Ketiganya pun berpelukan. Mbok Minah yang sedari tadi terdiam, kini pun melinangkan air mata. Diusapnya berkali-kali dengan jemarinya yang sudah penuh kerutan dan kapalan. Jingga pun tak membiarkan Mbok Minah yang seolah menjelma menjadi malaikat dalam hidupnya. Dipeluknya pula Mbok Minah dengan eratnya.
“Terima kasih Papa, Mama, dan Mbok Minah. Jingga boleh minta sesuatu sama Mama-Papa?” tanya Jingga.
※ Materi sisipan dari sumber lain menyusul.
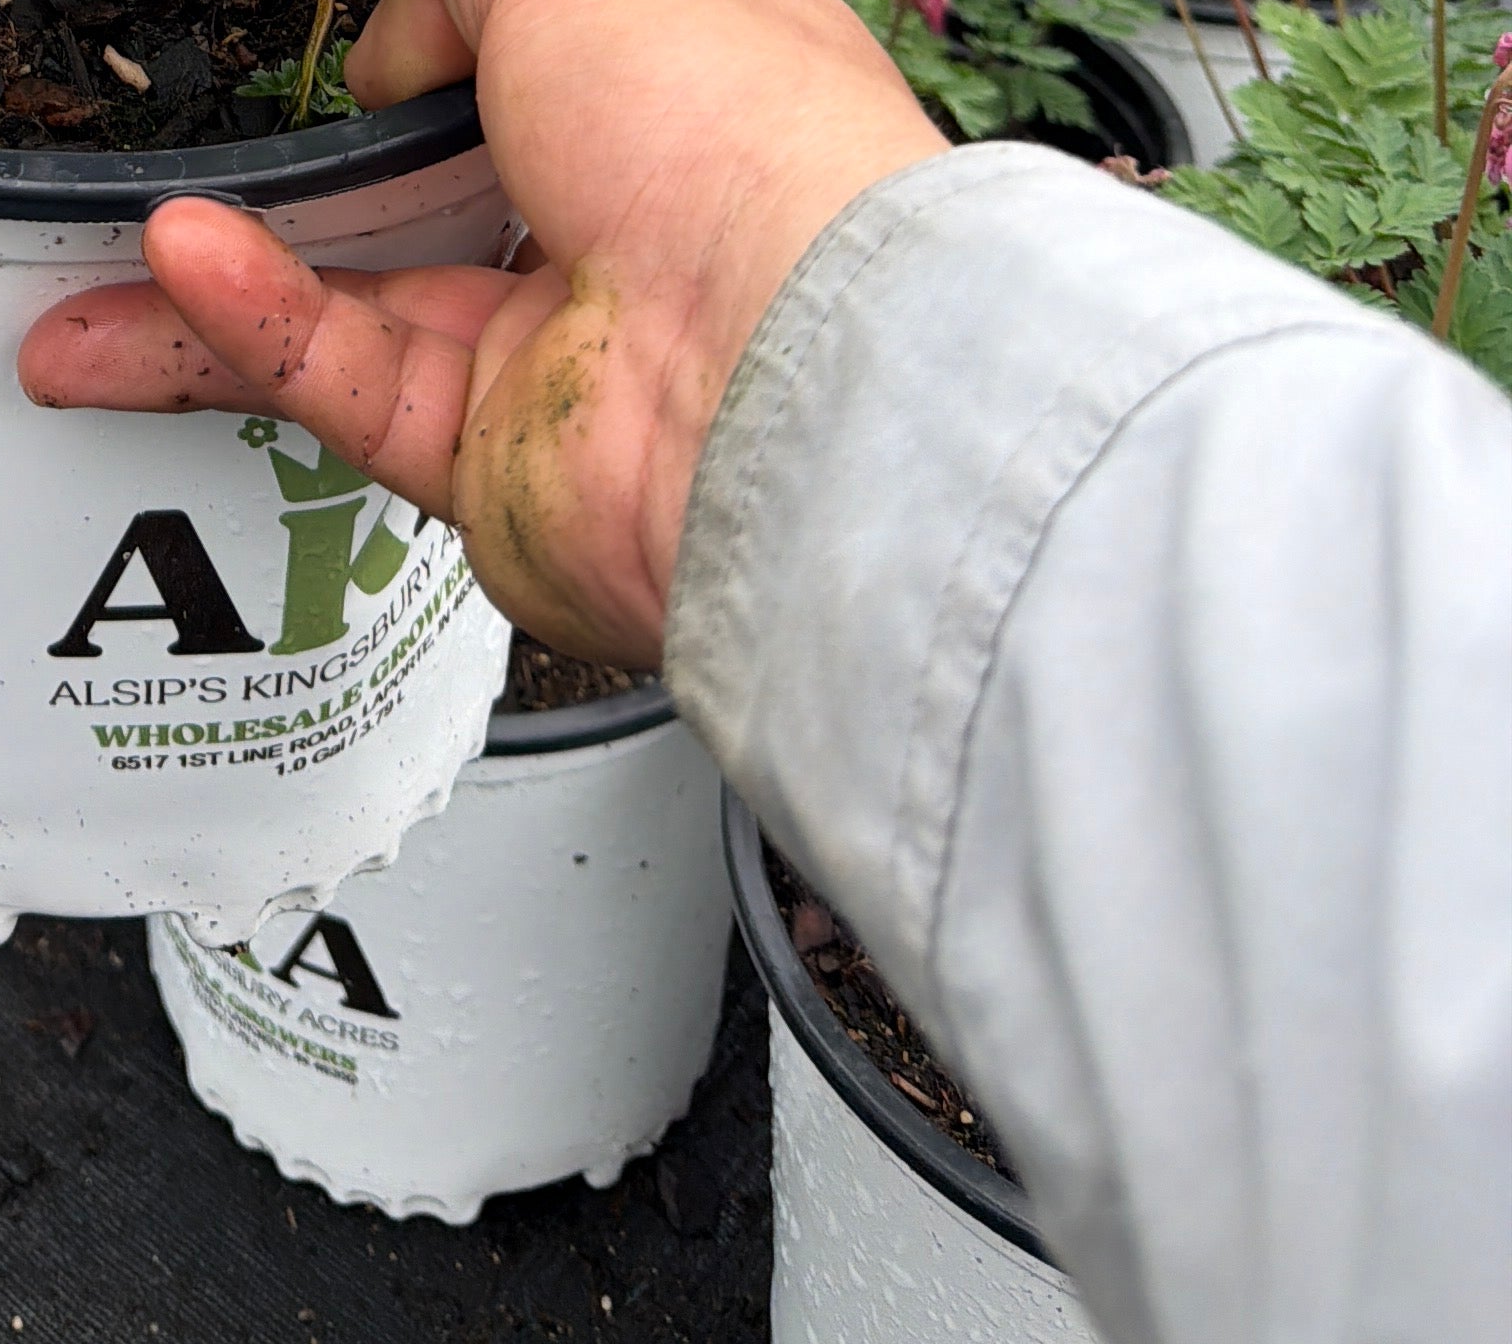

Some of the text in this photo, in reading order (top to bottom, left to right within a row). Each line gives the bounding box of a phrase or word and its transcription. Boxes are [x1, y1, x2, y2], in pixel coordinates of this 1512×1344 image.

“Apa Nak? Semua akan Mama-Papa usahakan untuk kebahagiaan Jingga,” jawab Mama.
“Jingga ingin menuntut ilmu di pesantren.”
Dari jendela rumah sakit itu nampak petang mulai membayang. Caya mentari mulai menghilang. Hening; alpa lagi suara di ruangan itu. Meski saat itu senja sedang cantik-cantiknya dengan siluetnya.